By: DanielXX
Long-time readers of my blog would know that I have so far been quite resistant to trying to profit from short-selling. But not for moral reasons, for really there is nothing immoral about taking the view that markets will go down and hence backing up that view by selling first before buying up (covering) later. What is immoral is the additional measures the unscrupulous short-seller takes to back up his position by manipulating the market, such as spreading untrue negative rumours (there was a recent case).
I am starting this series of writeups on short-selling for several reasons: firstly, due to increasing possibility of a US recession and contagion to worldwide markets triggering a likely interest in profiting from falling markets (there was already a writeup on shorting in this week's The Edge); secondly, as a learning journey for myself as I develop the material for the writeups and further understand the short-selling process through my articulations; thirdly, for fellow investors/traders to contribute their past short-selling experiences, if any. So please, feel free to give comments or correct me, for I am fresh to short-selling too.
Previously my impression of short-selling was based on pieces of information culled from various market players and from what I had read. More recently, I have spent the last two weeks or so conducting a survey of various shorting instruments available in Singapore's market and will be writing my thoughts on them in subsequent parts. Mainly, I'll be writing about CFDs and SBL accounts, and exploring their characteristics and more personally, my own grouses with them (think this part will be more helpful).
What kind of stocks to short?

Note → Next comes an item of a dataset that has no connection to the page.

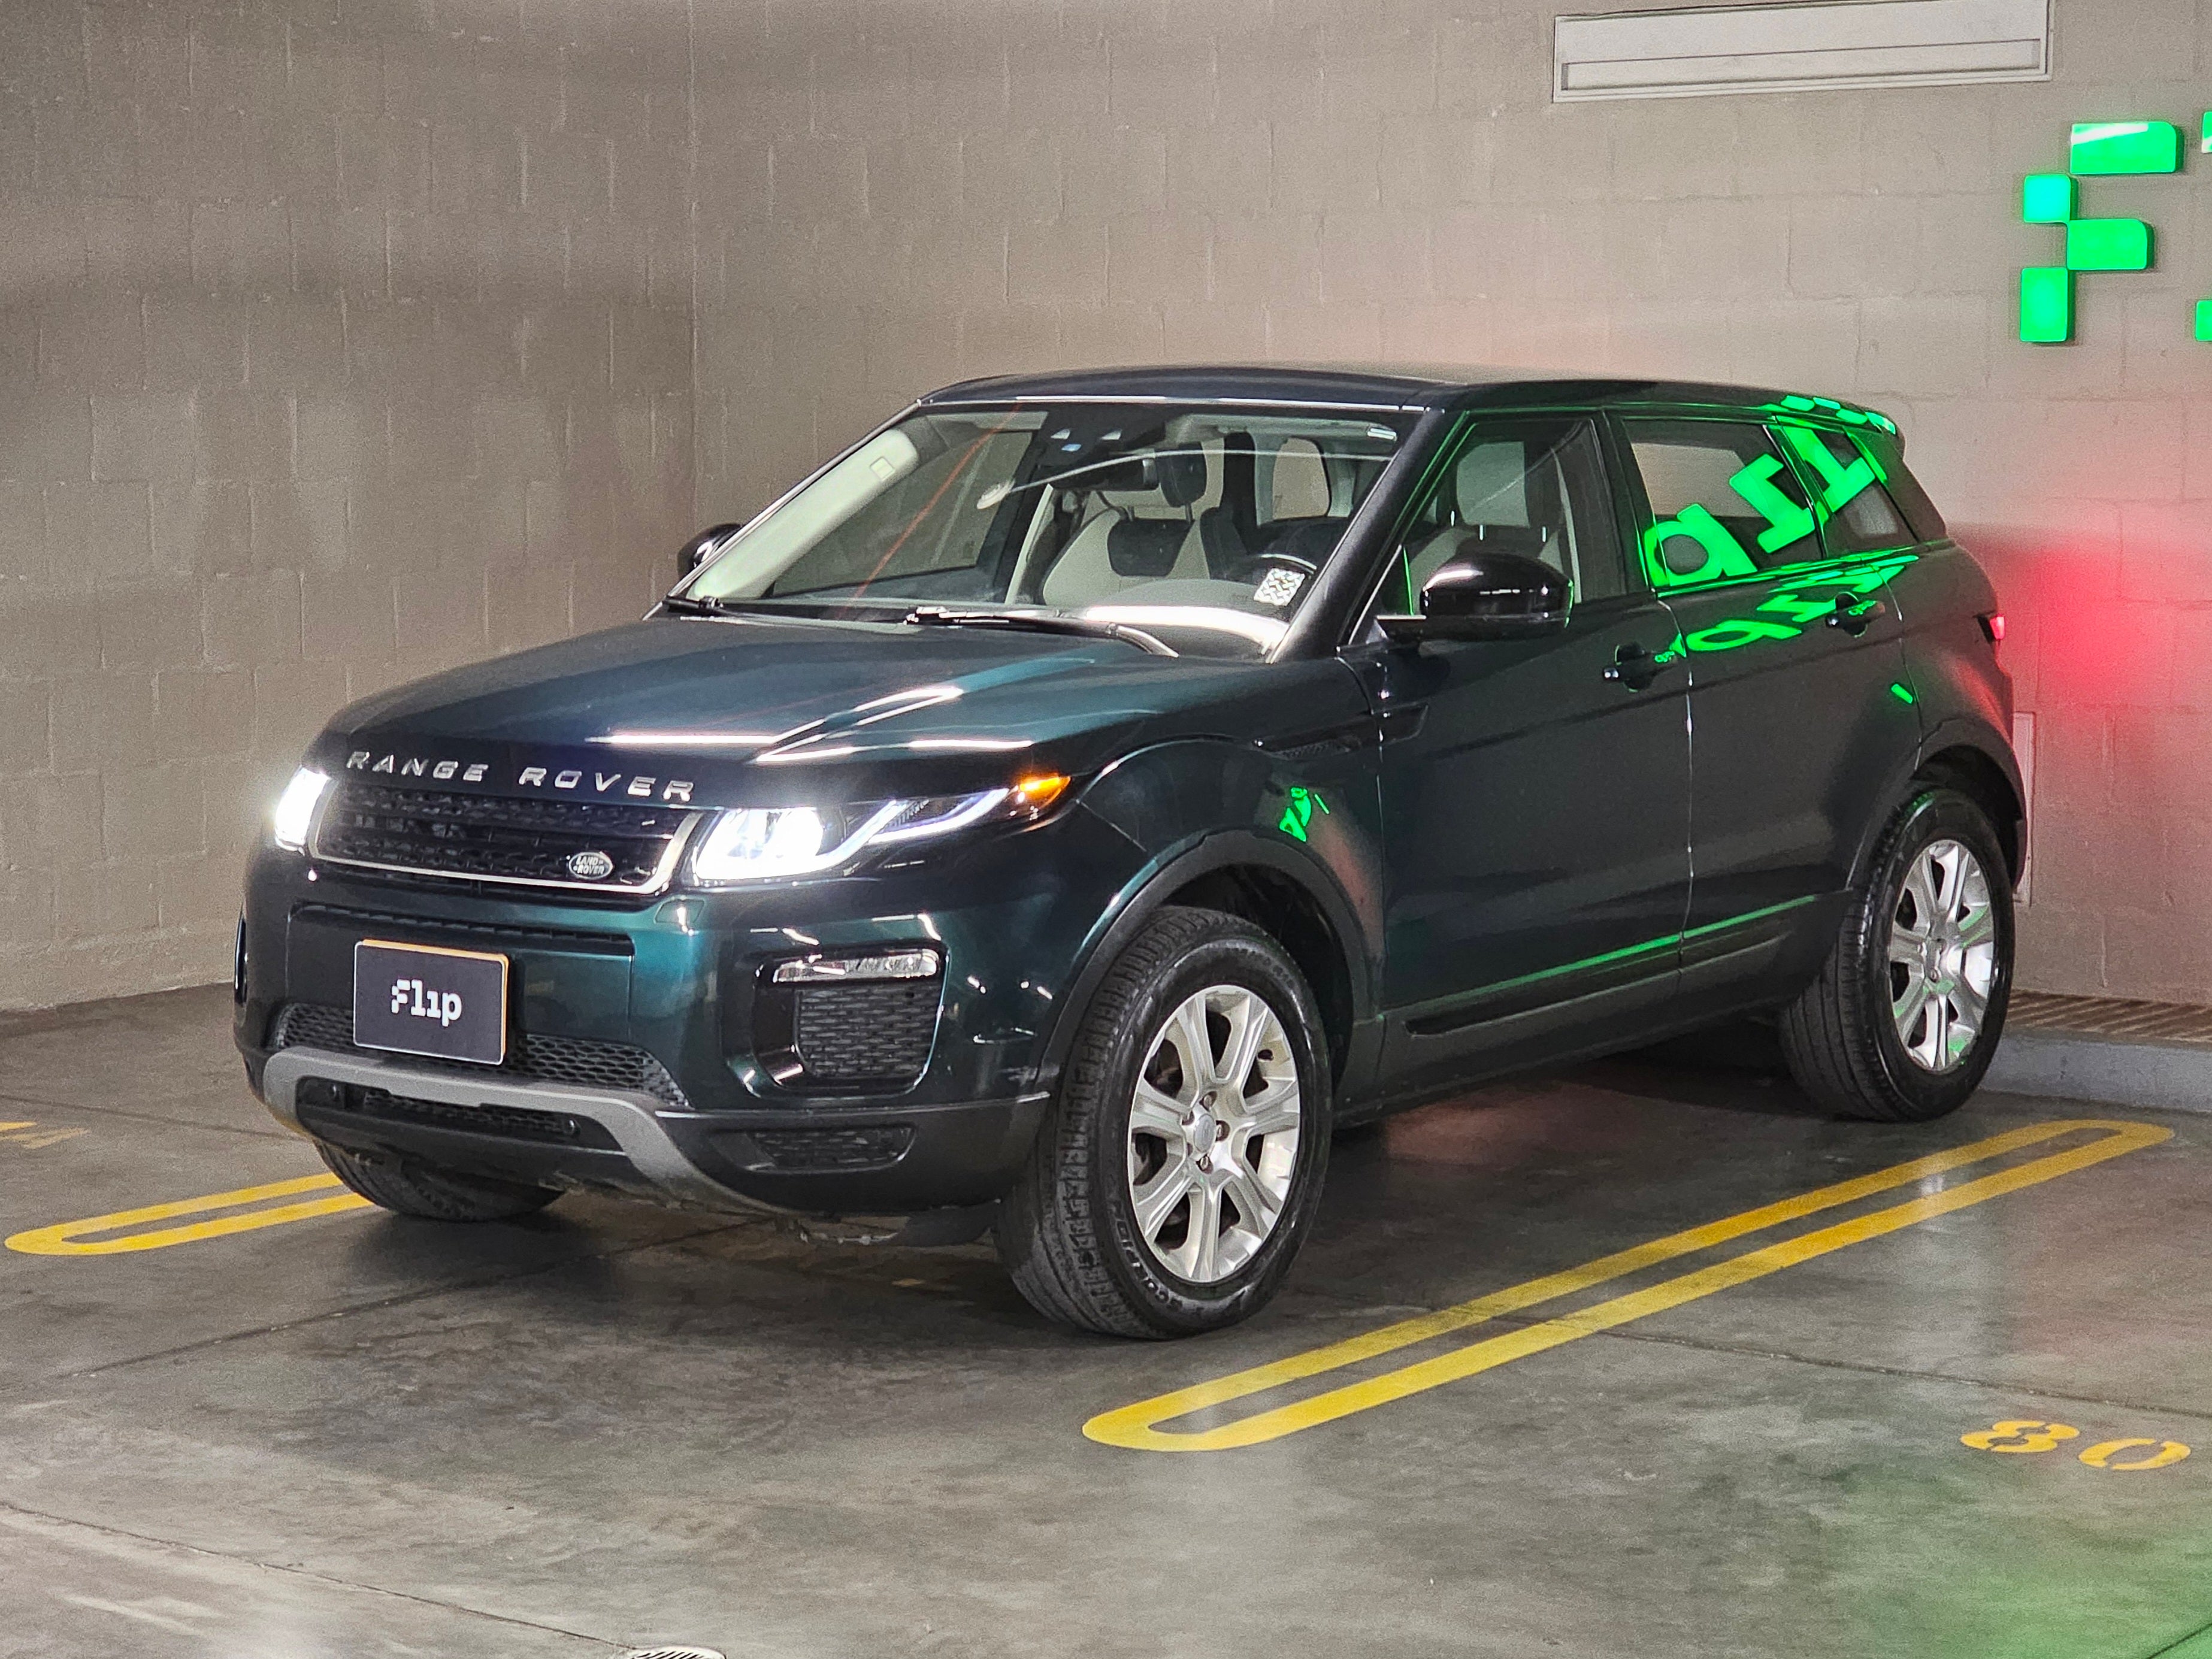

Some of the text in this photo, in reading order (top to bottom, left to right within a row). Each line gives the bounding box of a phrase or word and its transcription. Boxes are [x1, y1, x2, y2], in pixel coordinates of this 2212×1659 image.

[346, 750, 695, 803] RANGE ROVER
[576, 855, 599, 866] LAND
[576, 864, 605, 875] ROVER
[1960, 1419, 2192, 1471] 80

Perhaps a list of characteristics, culled from this book I have read recently, might be more useful than my personal views, since I haven't shorted (intentionally) before:
1. Emotional rise not founded on reality
2. Rise on increased volume (because people will take profits on the way down)

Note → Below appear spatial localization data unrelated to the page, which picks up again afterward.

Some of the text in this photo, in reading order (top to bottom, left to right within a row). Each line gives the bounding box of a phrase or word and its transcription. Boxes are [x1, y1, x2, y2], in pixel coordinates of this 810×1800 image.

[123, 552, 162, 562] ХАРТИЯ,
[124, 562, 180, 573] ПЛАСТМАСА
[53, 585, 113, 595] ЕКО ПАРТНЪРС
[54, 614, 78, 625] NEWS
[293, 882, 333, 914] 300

3. Seems to have stopped rising
4. Has broken down from top area of distribution (characterised by high volume)
5. Has not yet declined >10-15% from secondary peak
6. Very high PE
7. Not thinly-capitalised, not illiquid
8. High downside volatility in past chart action
9. In industries on the downgrade
10. Completed very bearish chart pattern eg. double-top, head-and-shoulders
11. Popular/widely-traded
(extracted from "Bear Market Investing Strategies" by Harry Schultz)

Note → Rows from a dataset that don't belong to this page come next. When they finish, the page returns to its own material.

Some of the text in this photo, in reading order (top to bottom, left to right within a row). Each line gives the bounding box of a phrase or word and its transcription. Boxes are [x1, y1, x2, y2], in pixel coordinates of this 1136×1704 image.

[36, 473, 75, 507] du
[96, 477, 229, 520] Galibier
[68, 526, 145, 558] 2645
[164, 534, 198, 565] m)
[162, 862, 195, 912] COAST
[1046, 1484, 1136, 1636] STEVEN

You will notice that a lot of the recommendations are technicals-based. This is probably in recognition of the fact that the horizon of short-sellers is typically short-term. Markets fall much faster than they rise; fear evokes stronger emotions than greed. At the same time, the long-term trend of human development, and hence markets, is upwards. It is probably fatal to sell-and-hold (ie. reverse Warren Buffett).
At the same time, short-sellers, at least in the US, are known to do better research than their long-only opposites. It is probably the siege mentality at work; one needs to be sure, especially when they have the brokerages (typically the bull promoters) lined up against them, and when losses could potentially be unlimited (prices charge to the sky and the short-sellers still need to cover). This is another reason why I'm exploring short-selling; it pays to be in tune with all the bulls and bears and their tools of the trade so that one will not be overly-biased psychologically on the long side.